### DATASET CONTENT
--- --- ---

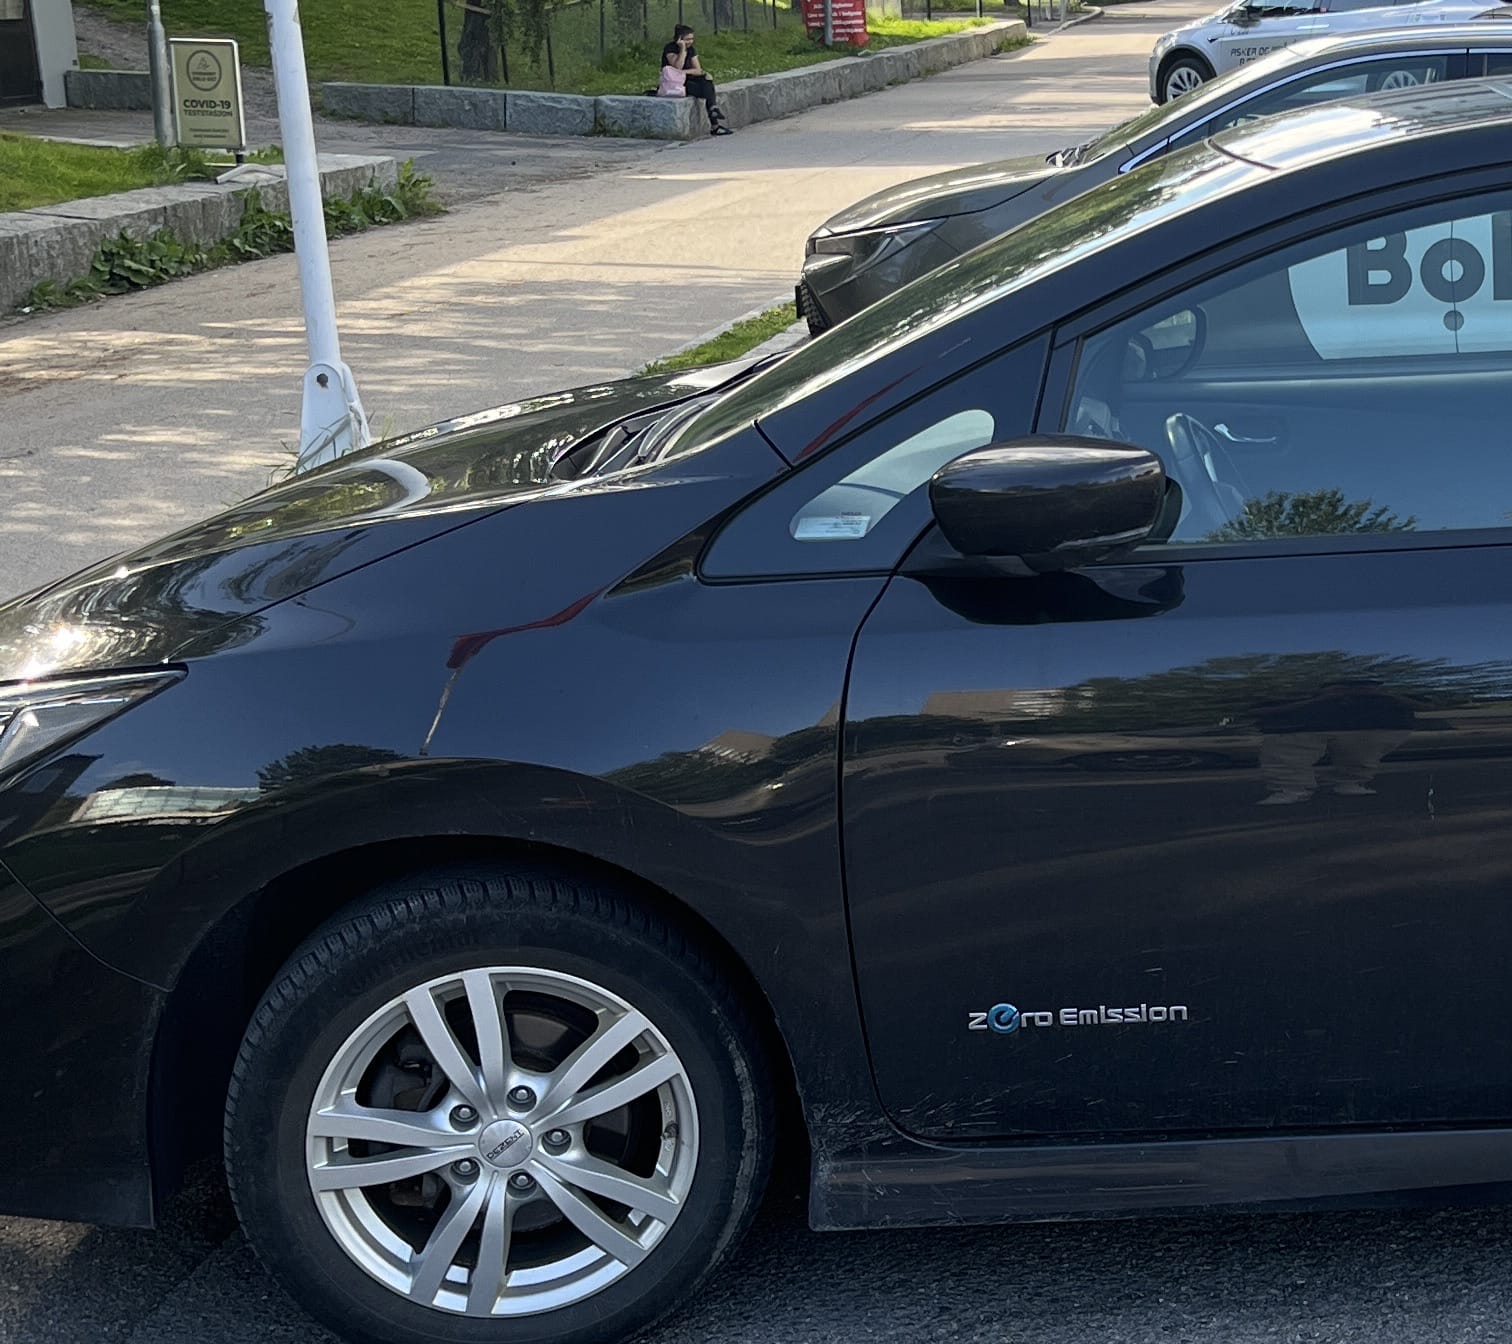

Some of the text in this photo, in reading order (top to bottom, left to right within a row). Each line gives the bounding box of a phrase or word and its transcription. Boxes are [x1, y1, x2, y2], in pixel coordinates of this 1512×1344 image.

[183, 99, 231, 109] COVID-19
[968, 1003, 1188, 1034] zero Emission
[486, 1128, 525, 1160] DEZENT
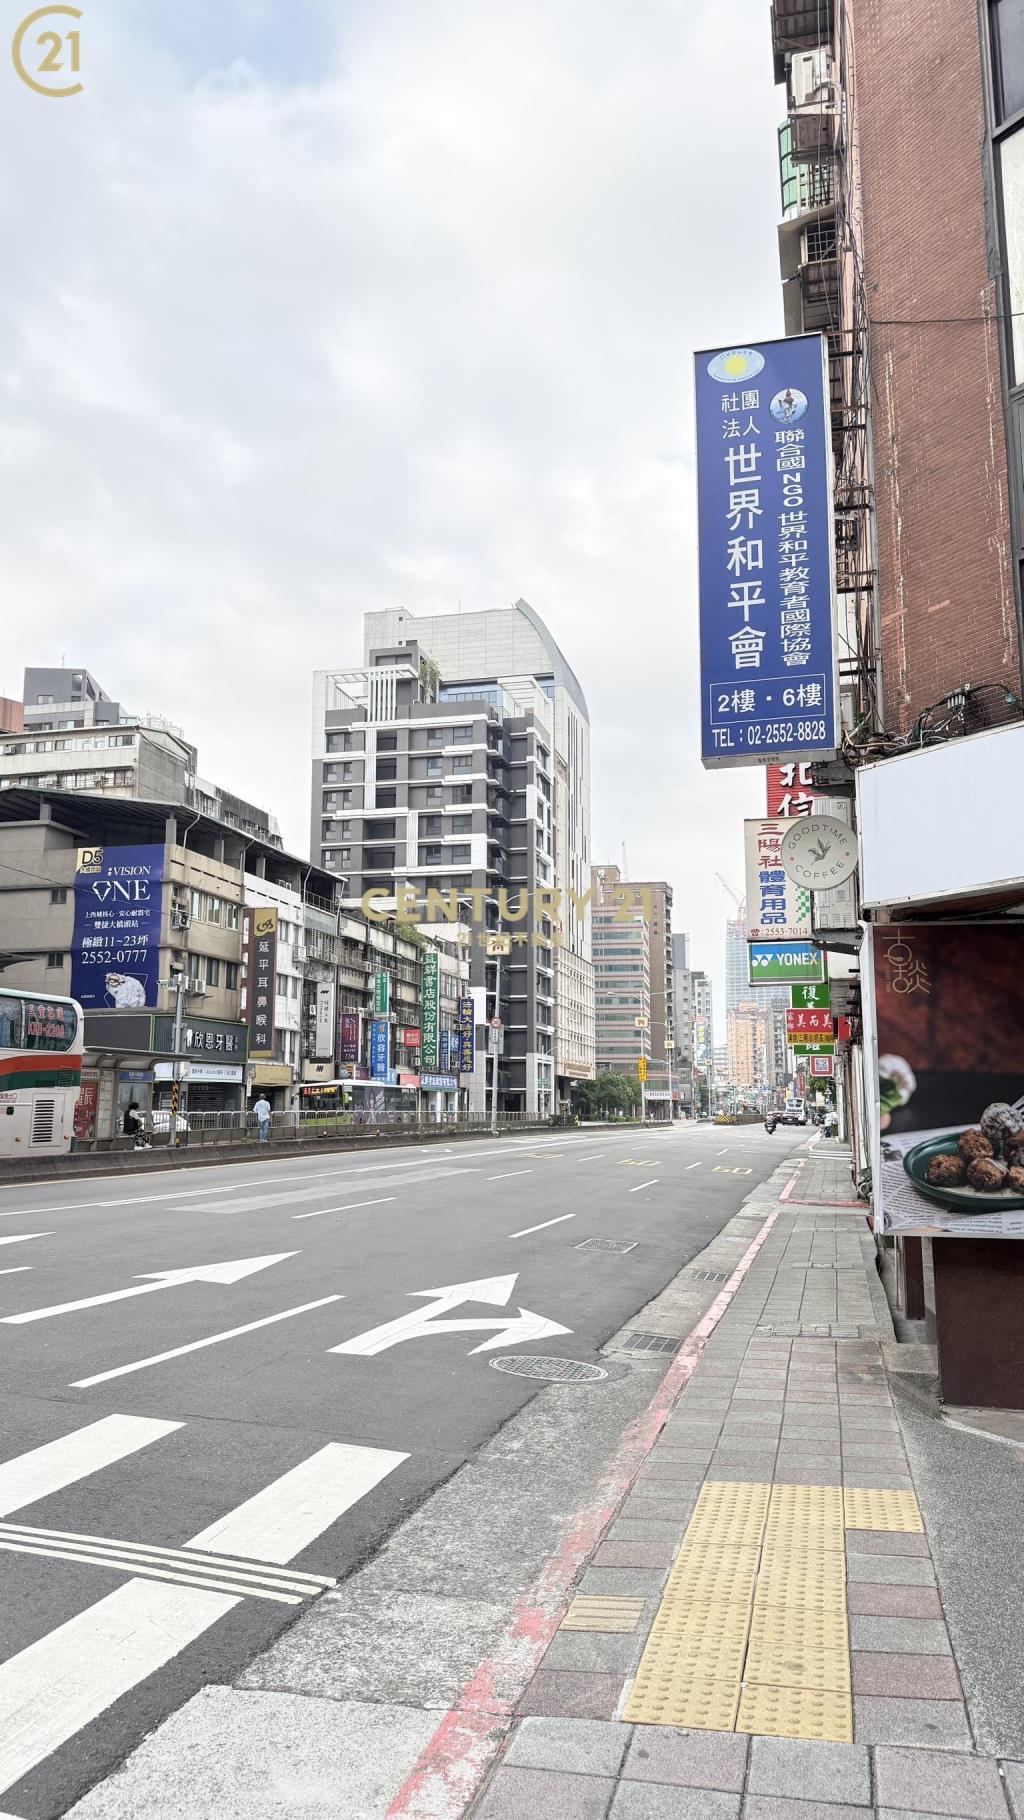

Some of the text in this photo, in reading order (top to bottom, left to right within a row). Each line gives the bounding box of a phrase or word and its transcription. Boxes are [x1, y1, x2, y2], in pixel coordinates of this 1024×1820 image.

[721, 389, 760, 413] 社團
[722, 415, 761, 439] 法人
[724, 443, 767, 670] 世界和平會
[81, 848, 104, 865] D5
[113, 866, 152, 876] VISION
[795, 860, 845, 880] COFFEE
[81, 949, 147, 965] 2552-0777
[777, 952, 818, 967] YONEX
[255, 941, 270, 1045] 延平耳鼻喉科
[423, 954, 437, 1066] 益群書店股份有限公司
[796, 1013, 833, 1029] 美而美
[194, 1031, 234, 1051] 欣恩牙醫
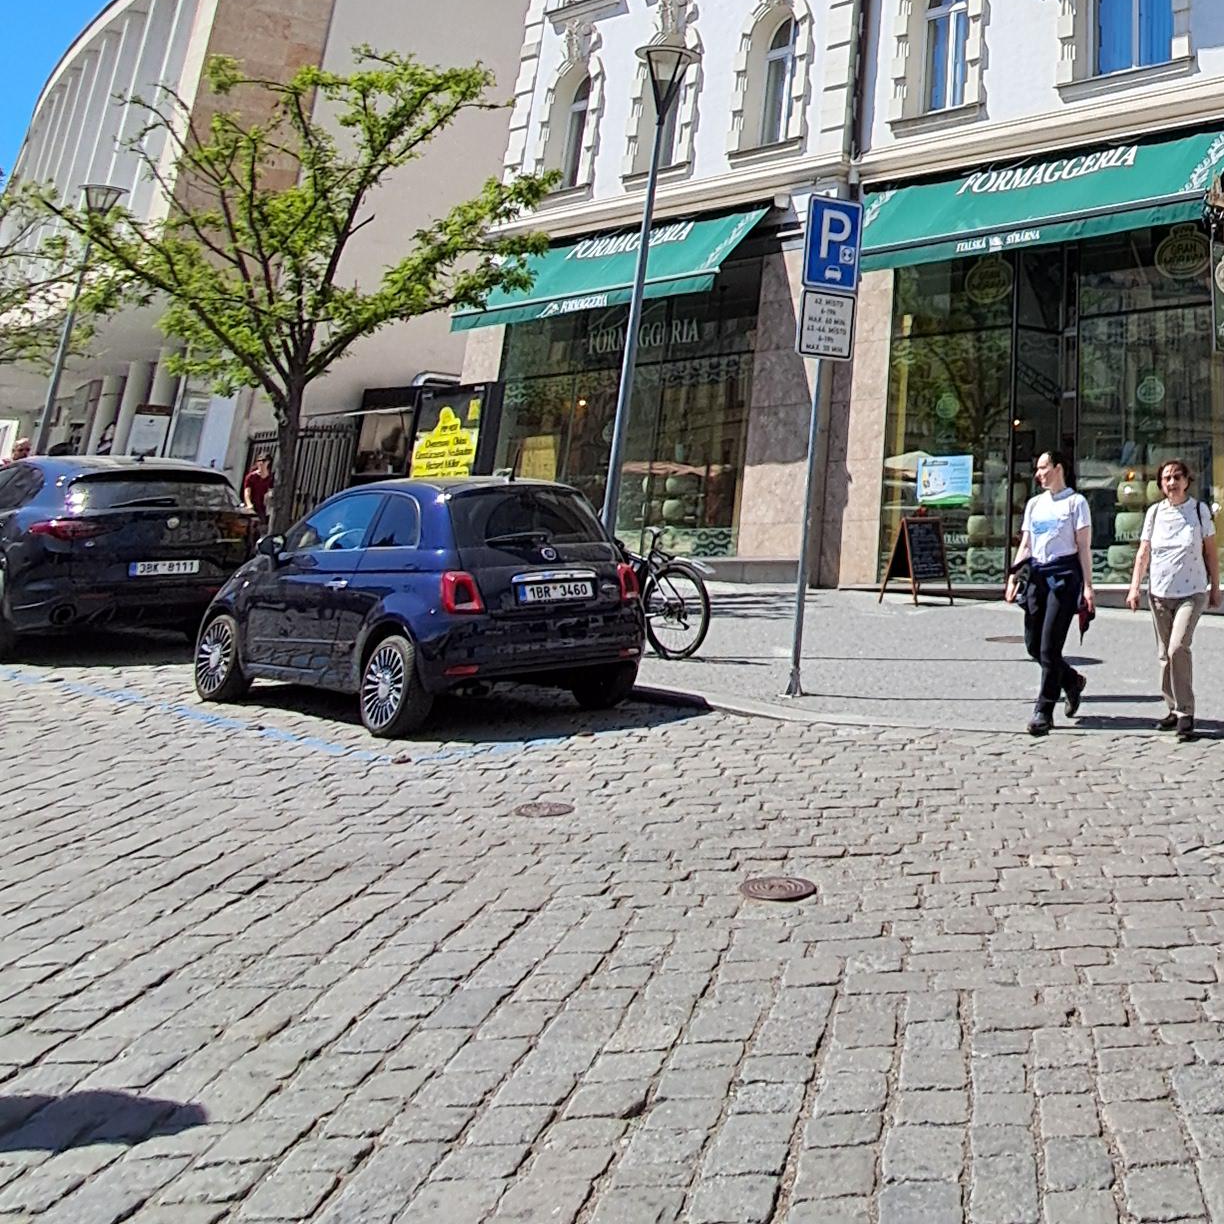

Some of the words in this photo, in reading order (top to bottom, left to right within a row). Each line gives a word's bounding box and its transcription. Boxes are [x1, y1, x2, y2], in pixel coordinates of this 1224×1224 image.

[956, 145, 1139, 196] FORMAGGERIA
[820, 209, 852, 258] P
[529, 585, 552, 599] 1BR
[559, 583, 588, 597] 3460

--- --- ---

### TASK TO CARRY OUT
In the answer, the entries must appear exactly as above, without the images.

### REPLY TO THE TASK
Some of the text in this photo, in reading order (top to bottom, left to right within a row). Each line gives the bounding box of a phrase or word and its transcription. Boxes are [x1, y1, x2, y2], in pixel coordinates of this 1512×1344 image.

[183, 99, 231, 109] COVID-19
[968, 1003, 1188, 1034] zero Emission
[486, 1128, 525, 1160] DEZENT

Some of the text in this photo, in reading order (top to bottom, left to right within a row). Each line gives the bounding box of a phrase or word and its transcription. Boxes are [x1, y1, x2, y2], in pixel coordinates of this 1024×1820 image.

[721, 389, 760, 413] 社團
[722, 415, 761, 439] 法人
[724, 443, 767, 670] 世界和平會
[81, 848, 104, 865] D5
[113, 866, 152, 876] VISION
[795, 860, 845, 880] COFFEE
[81, 949, 147, 965] 2552-0777
[777, 952, 818, 967] YONEX
[255, 941, 270, 1045] 延平耳鼻喉科
[423, 954, 437, 1066] 益群書店股份有限公司
[796, 1013, 833, 1029] 美而美
[194, 1031, 234, 1051] 欣恩牙醫

Some of the words in this photo, in reading order (top to bottom, left to right within a row). Each line gives a word's bounding box and its transcription. Boxes are [x1, y1, x2, y2], in pixel coordinates of this 1224×1224 image.

[956, 145, 1139, 196] FORMAGGERIA
[820, 209, 852, 258] P
[529, 585, 552, 599] 1BR
[559, 583, 588, 597] 3460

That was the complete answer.